You can achieve a lot with minimal capital – WaraCake CEO Ayilara Olatunde
“We are looking at expanding to more African countries. We have Kenya, South Africa and Ghana on the radar,” he said.
He said the Nigerian online cake retail market is “highly competitive”, with pricing and quality of service driving demand.
He added that his startup is “deeply involved” in vetting vendors who sell on its marketplace.
“Vendors send us a sample of their cakes before they signup. If the pictures look great and product tastes awesome, we proceed to discuss the terms of the contract. We then proceed to monitor customer feedback over time to determine retention,” he explains.

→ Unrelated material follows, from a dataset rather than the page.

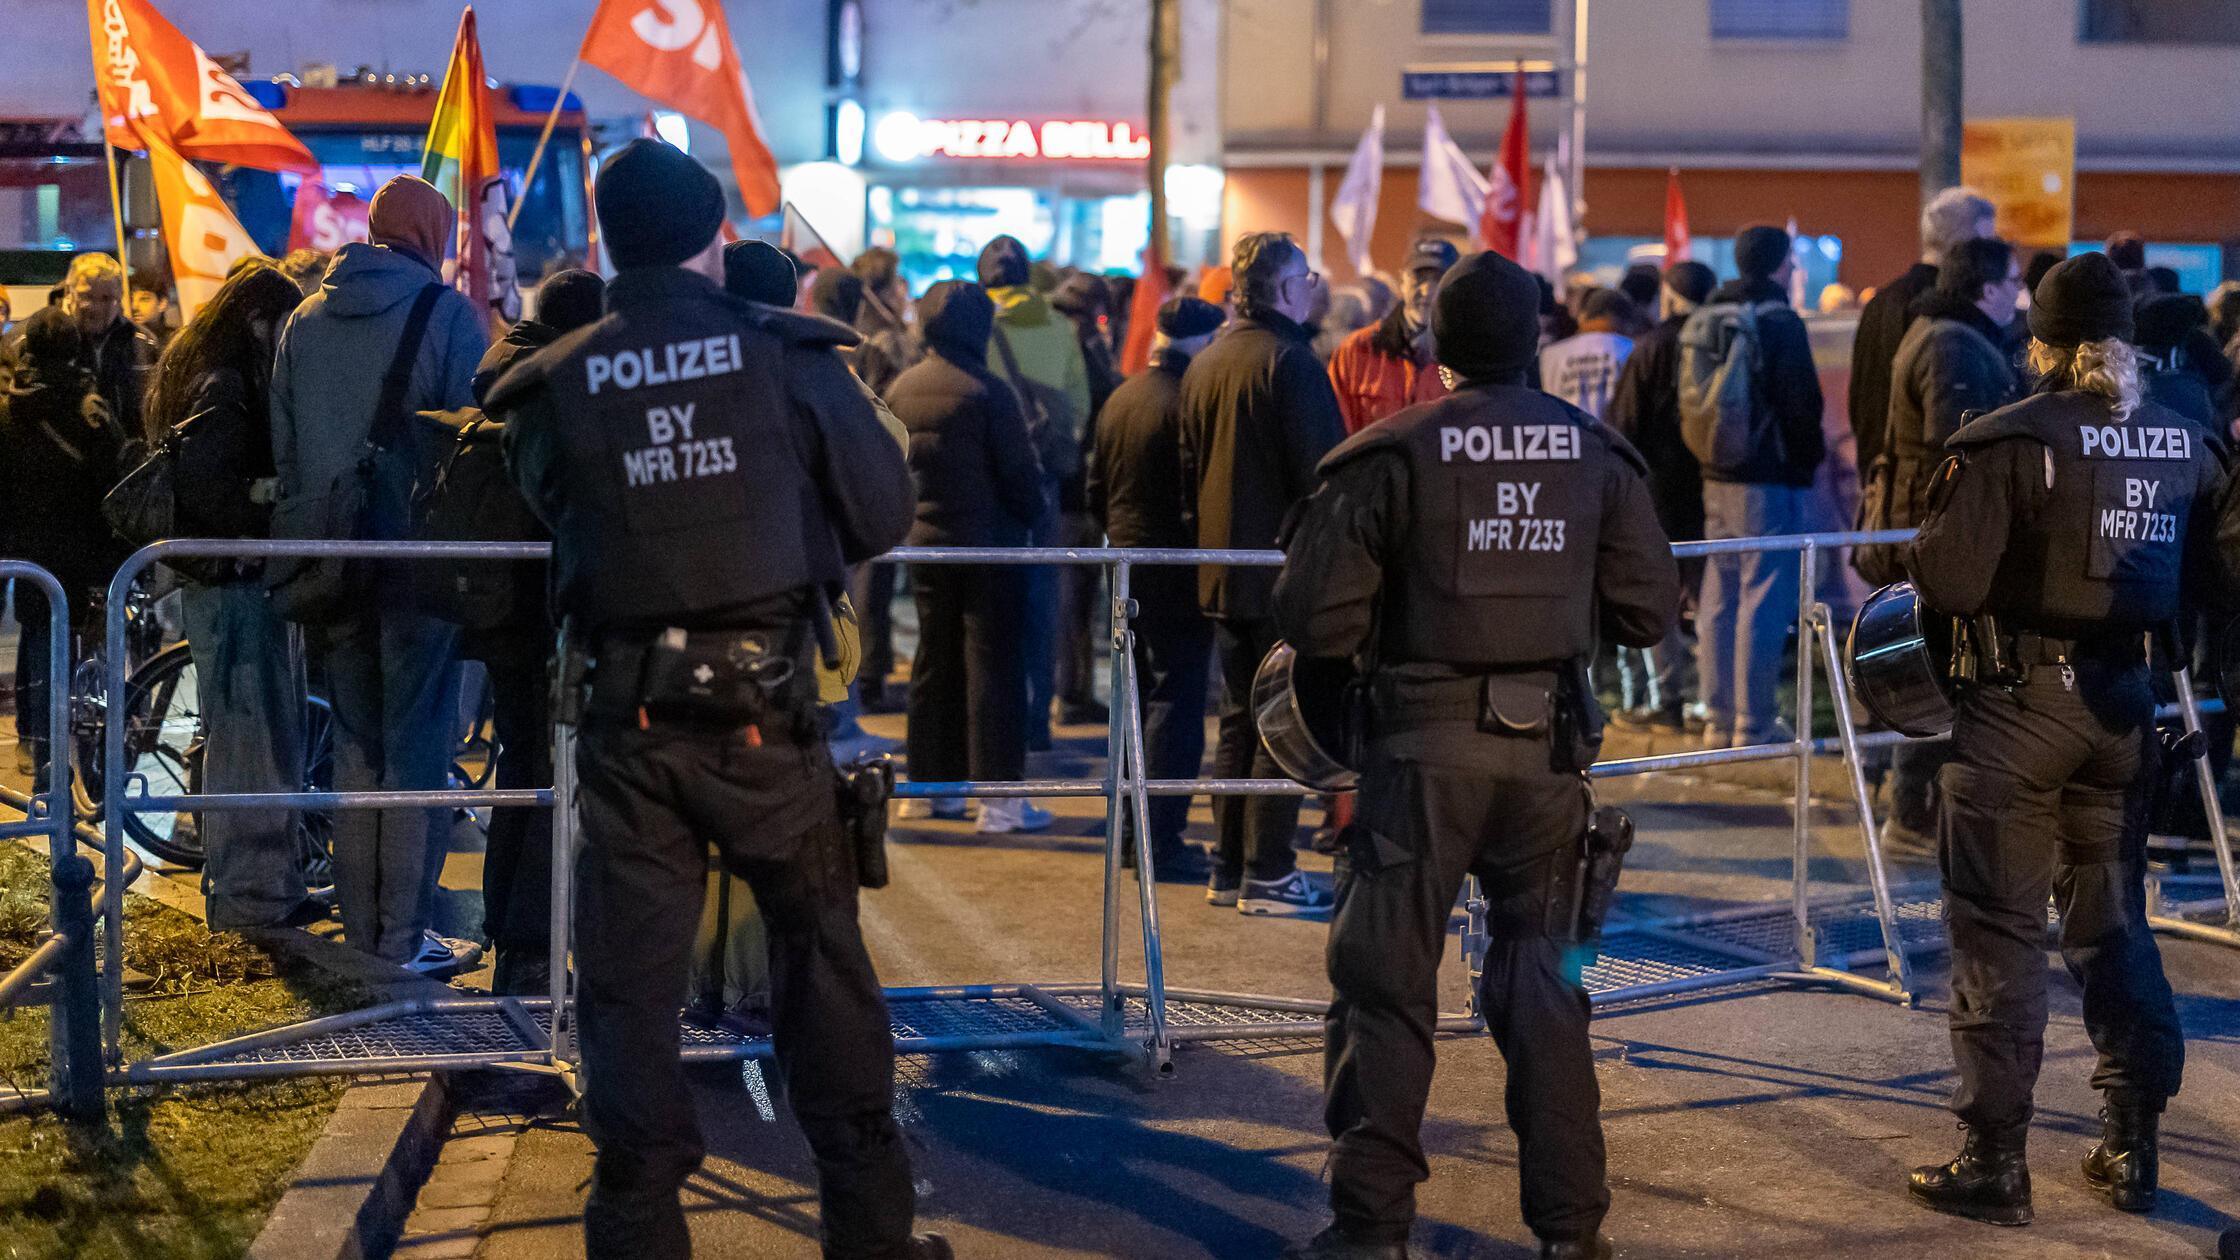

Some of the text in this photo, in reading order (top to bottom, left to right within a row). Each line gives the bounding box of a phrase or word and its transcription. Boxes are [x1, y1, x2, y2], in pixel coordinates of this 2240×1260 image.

The new Nigerian states that the startup now covers include: Abia, Adamawa, Anambra, Bauchi, Bayelsa, Benue, Cross-river, Delta, Edo, Ekiti, Enugu, Imo, Jos, Katsina, Kwara, Nasarawa, Niger, Rivers and Taraba.
“This expansion is fostered by our passion to fulfil the unique requests of every customer and keep them satisfied by our products and services regardless of locations or time constraints,” he says.
The biggest challenge the startup has faced were logistical and around delivery. Olatunde says he found a work around that by paying part-time workers to deliver products.
This has led to the startup launching WaraChow, a food delivery service operating in Lagos. “Focusing on cakes alone was really limited, there is a huge demand for food delivery services at really affordable prices,” he points out.
In 2016, the startup participated in the Tony Elumenu Entrepreneurship Programme. Olatunde believes this was a game changer for the company, he says the seed capital the startup received there, as well as participation in the programme’s bootcamp helped reshape WaraCake’s operations
Olatunde says he got two big take aways from the programme, the first being that networking is “really vital” to building a global business.
The second? “You can achieve a lot with minimal capital,” he says.